Records to use>
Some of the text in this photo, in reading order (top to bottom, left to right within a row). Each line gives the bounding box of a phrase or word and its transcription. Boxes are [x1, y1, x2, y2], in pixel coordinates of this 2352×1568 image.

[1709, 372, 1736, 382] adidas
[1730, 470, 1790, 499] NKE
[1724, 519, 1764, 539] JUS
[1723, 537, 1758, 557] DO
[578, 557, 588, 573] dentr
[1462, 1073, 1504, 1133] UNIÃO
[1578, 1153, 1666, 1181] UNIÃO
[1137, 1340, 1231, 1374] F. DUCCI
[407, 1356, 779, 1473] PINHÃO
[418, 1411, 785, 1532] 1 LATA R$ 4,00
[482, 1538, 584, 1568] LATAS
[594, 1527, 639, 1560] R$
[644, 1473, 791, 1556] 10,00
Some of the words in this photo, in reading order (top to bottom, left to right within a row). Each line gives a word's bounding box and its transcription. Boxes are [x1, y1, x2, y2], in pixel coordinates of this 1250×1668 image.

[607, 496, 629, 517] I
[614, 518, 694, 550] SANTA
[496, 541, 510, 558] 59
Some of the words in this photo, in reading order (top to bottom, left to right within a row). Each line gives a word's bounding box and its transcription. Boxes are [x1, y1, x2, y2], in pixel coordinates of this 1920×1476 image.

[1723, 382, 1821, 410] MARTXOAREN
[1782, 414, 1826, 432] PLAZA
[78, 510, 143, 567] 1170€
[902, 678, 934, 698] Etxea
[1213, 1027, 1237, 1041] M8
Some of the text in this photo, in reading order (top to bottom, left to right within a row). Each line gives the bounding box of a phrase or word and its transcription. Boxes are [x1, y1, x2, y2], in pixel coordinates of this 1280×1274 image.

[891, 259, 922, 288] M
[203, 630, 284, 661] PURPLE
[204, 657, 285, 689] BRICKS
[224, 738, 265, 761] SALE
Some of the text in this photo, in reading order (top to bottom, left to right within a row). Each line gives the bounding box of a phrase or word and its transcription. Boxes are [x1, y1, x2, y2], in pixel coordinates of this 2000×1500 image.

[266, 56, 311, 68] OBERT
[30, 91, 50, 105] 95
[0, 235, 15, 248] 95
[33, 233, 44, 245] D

Task brief>
Transcribe all of the data, keeping every line identical.

Expected output>
Some of the text in this photo, in reading order (top to bottom, left to right within a row). Each line gives the bounding box of a phrase or word and its transcription. Boxes are [x1, y1, x2, y2], in pixel coordinates of this 2352×1568 image.

[1709, 372, 1736, 382] adidas
[1730, 470, 1790, 499] NKE
[1724, 519, 1764, 539] JUS
[1723, 537, 1758, 557] DO
[578, 557, 588, 573] dentr
[1462, 1073, 1504, 1133] UNIÃO
[1578, 1153, 1666, 1181] UNIÃO
[1137, 1340, 1231, 1374] F. DUCCI
[407, 1356, 779, 1473] PINHÃO
[418, 1411, 785, 1532] 1 LATA R$ 4,00
[482, 1538, 584, 1568] LATAS
[594, 1527, 639, 1560] R$
[644, 1473, 791, 1556] 10,00
Some of the words in this photo, in reading order (top to bottom, left to right within a row). Each line gives a word's bounding box and its transcription. Boxes are [x1, y1, x2, y2], in pixel coordinates of this 1250×1668 image.

[607, 496, 629, 517] I
[614, 518, 694, 550] SANTA
[496, 541, 510, 558] 59
Some of the words in this photo, in reading order (top to bottom, left to right within a row). Each line gives a word's bounding box and its transcription. Boxes are [x1, y1, x2, y2], in pixel coordinates of this 1920×1476 image.

[1723, 382, 1821, 410] MARTXOAREN
[1782, 414, 1826, 432] PLAZA
[78, 510, 143, 567] 1170€
[902, 678, 934, 698] Etxea
[1213, 1027, 1237, 1041] M8
Some of the text in this photo, in reading order (top to bottom, left to right within a row). Each line gives the bounding box of a phrase or word and its transcription. Boxes are [x1, y1, x2, y2], in pixel coordinates of this 1280×1274 image.

[891, 259, 922, 288] M
[203, 630, 284, 661] PURPLE
[204, 657, 285, 689] BRICKS
[224, 738, 265, 761] SALE
Some of the text in this photo, in reading order (top to bottom, left to right within a row). Each line gives the bounding box of a phrase or word and its transcription. Boxes are [x1, y1, x2, y2], in pixel coordinates of this 2000×1500 image.

[266, 56, 311, 68] OBERT
[30, 91, 50, 105] 95
[0, 235, 15, 248] 95
[33, 233, 44, 245] D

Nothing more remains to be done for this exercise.